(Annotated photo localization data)
+--

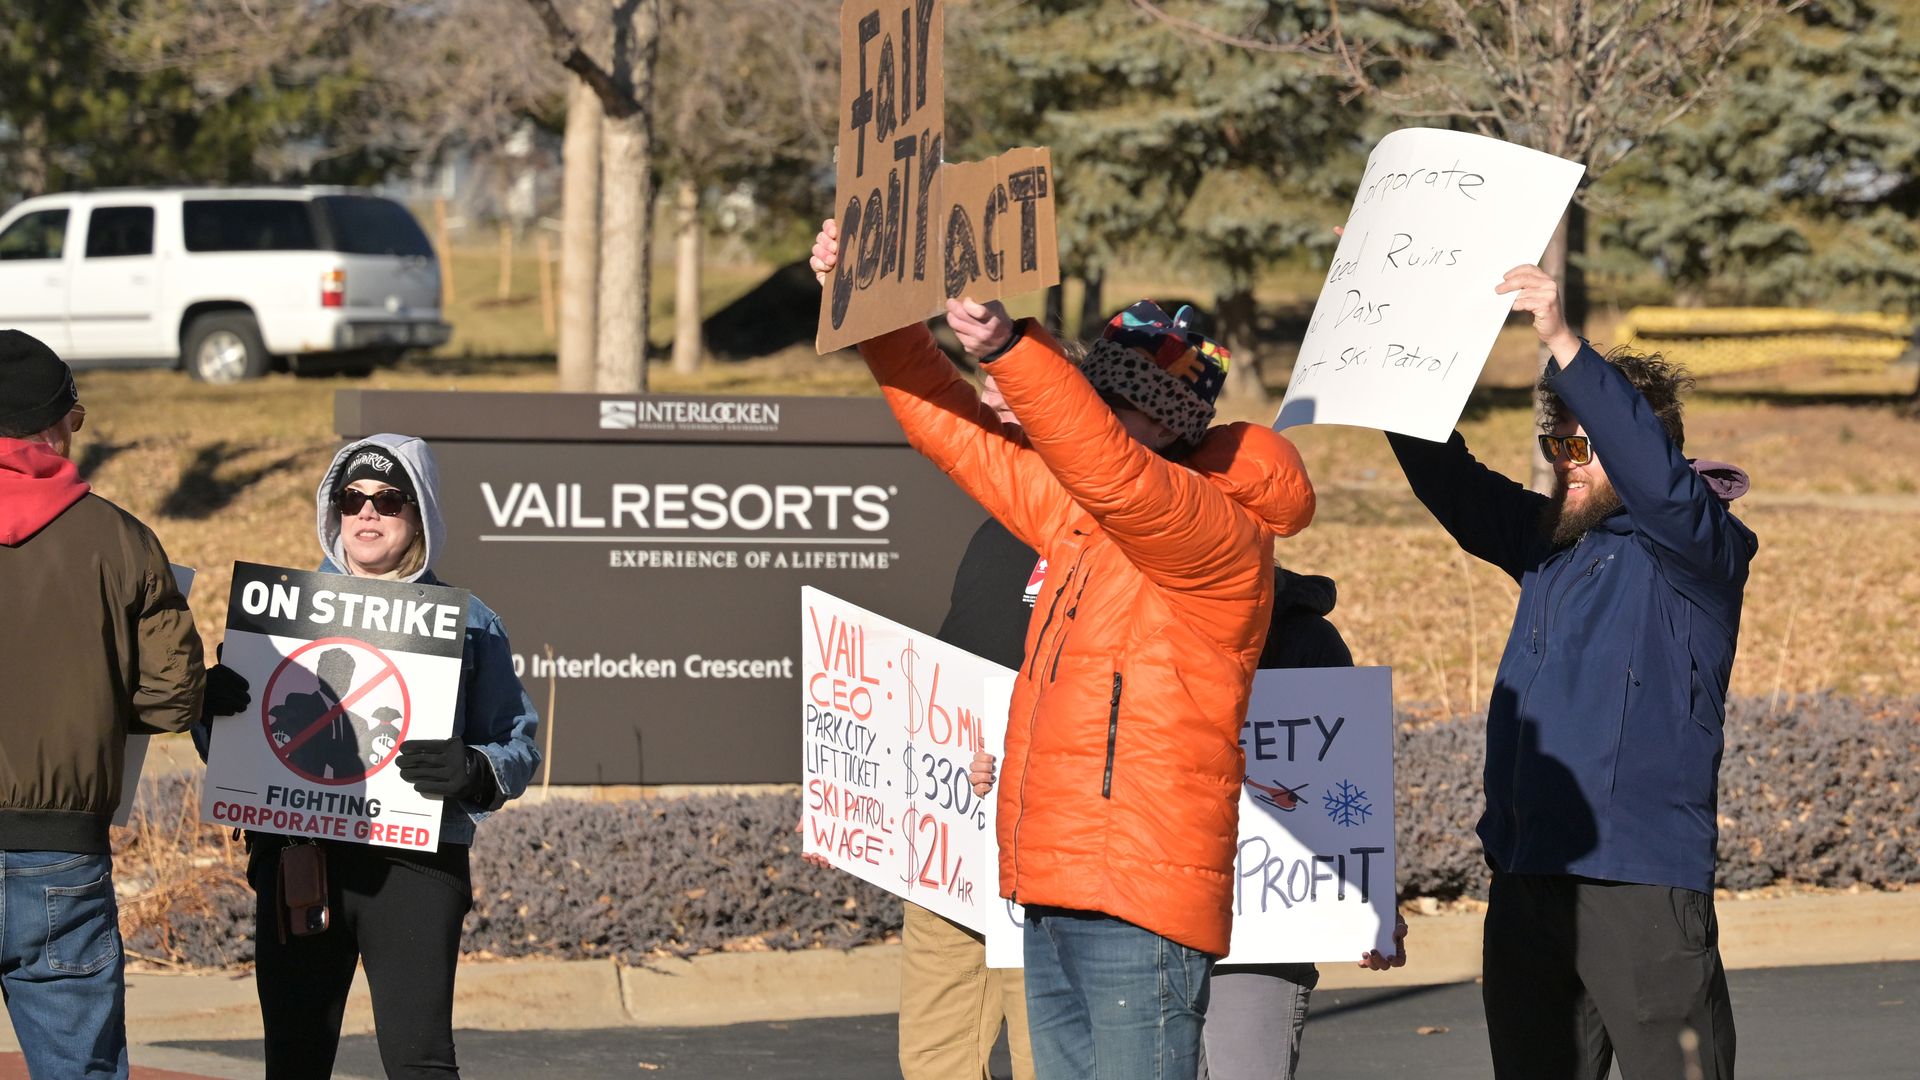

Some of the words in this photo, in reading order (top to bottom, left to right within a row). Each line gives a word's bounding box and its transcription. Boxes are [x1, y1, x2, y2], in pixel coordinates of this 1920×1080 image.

[1381, 232, 1462, 274] Ruins
[1381, 343, 1459, 381] Patrol
[638, 401, 780, 424] INTERLOCKEN
[480, 482, 605, 528] VAIL
[612, 483, 891, 531] RESORTS
[609, 550, 737, 568] EXPERIENCE
[745, 550, 772, 568] OF
[774, 551, 788, 568] A
[242, 580, 300, 621] ON
[309, 590, 461, 640] STRIKE
[532, 652, 676, 679] Interlocken
[684, 654, 793, 679] Crescent
[809, 606, 880, 685] VAIL
[809, 672, 873, 720] CEO
[901, 638, 952, 746] $6
[806, 704, 843, 746] PARK
[845, 719, 877, 756] CITY
[806, 740, 840, 779] LIFT
[841, 751, 880, 789] TICKET
[266, 785, 382, 818] FIGHTING
[809, 778, 840, 818] SKI
[212, 801, 349, 837] CORPORATE
[353, 821, 430, 847] GREED
[1236, 835, 1385, 916] PROFIT

+--

Work to be completed
When you transcribe the lines above, keep every word exact but leave the pictures behind.

Result
Some of the words in this photo, in reading order (top to bottom, left to right within a row). Each line gives a word's bounding box and its transcription. Boxes are [x1, y1, x2, y2], in pixel coordinates of this 1920×1080 image.

[1381, 232, 1462, 274] Ruins
[1381, 343, 1459, 381] Patrol
[638, 401, 780, 424] INTERLOCKEN
[480, 482, 605, 528] VAIL
[612, 483, 891, 531] RESORTS
[609, 550, 737, 568] EXPERIENCE
[745, 550, 772, 568] OF
[774, 551, 788, 568] A
[242, 580, 300, 621] ON
[309, 590, 461, 640] STRIKE
[532, 652, 676, 679] Interlocken
[684, 654, 793, 679] Crescent
[809, 606, 880, 685] VAIL
[809, 672, 873, 720] CEO
[901, 638, 952, 746] $6
[806, 704, 843, 746] PARK
[845, 719, 877, 756] CITY
[806, 740, 840, 779] LIFT
[841, 751, 880, 789] TICKET
[266, 785, 382, 818] FIGHTING
[809, 778, 840, 818] SKI
[212, 801, 349, 837] CORPORATE
[353, 821, 430, 847] GREED
[1236, 835, 1385, 916] PROFIT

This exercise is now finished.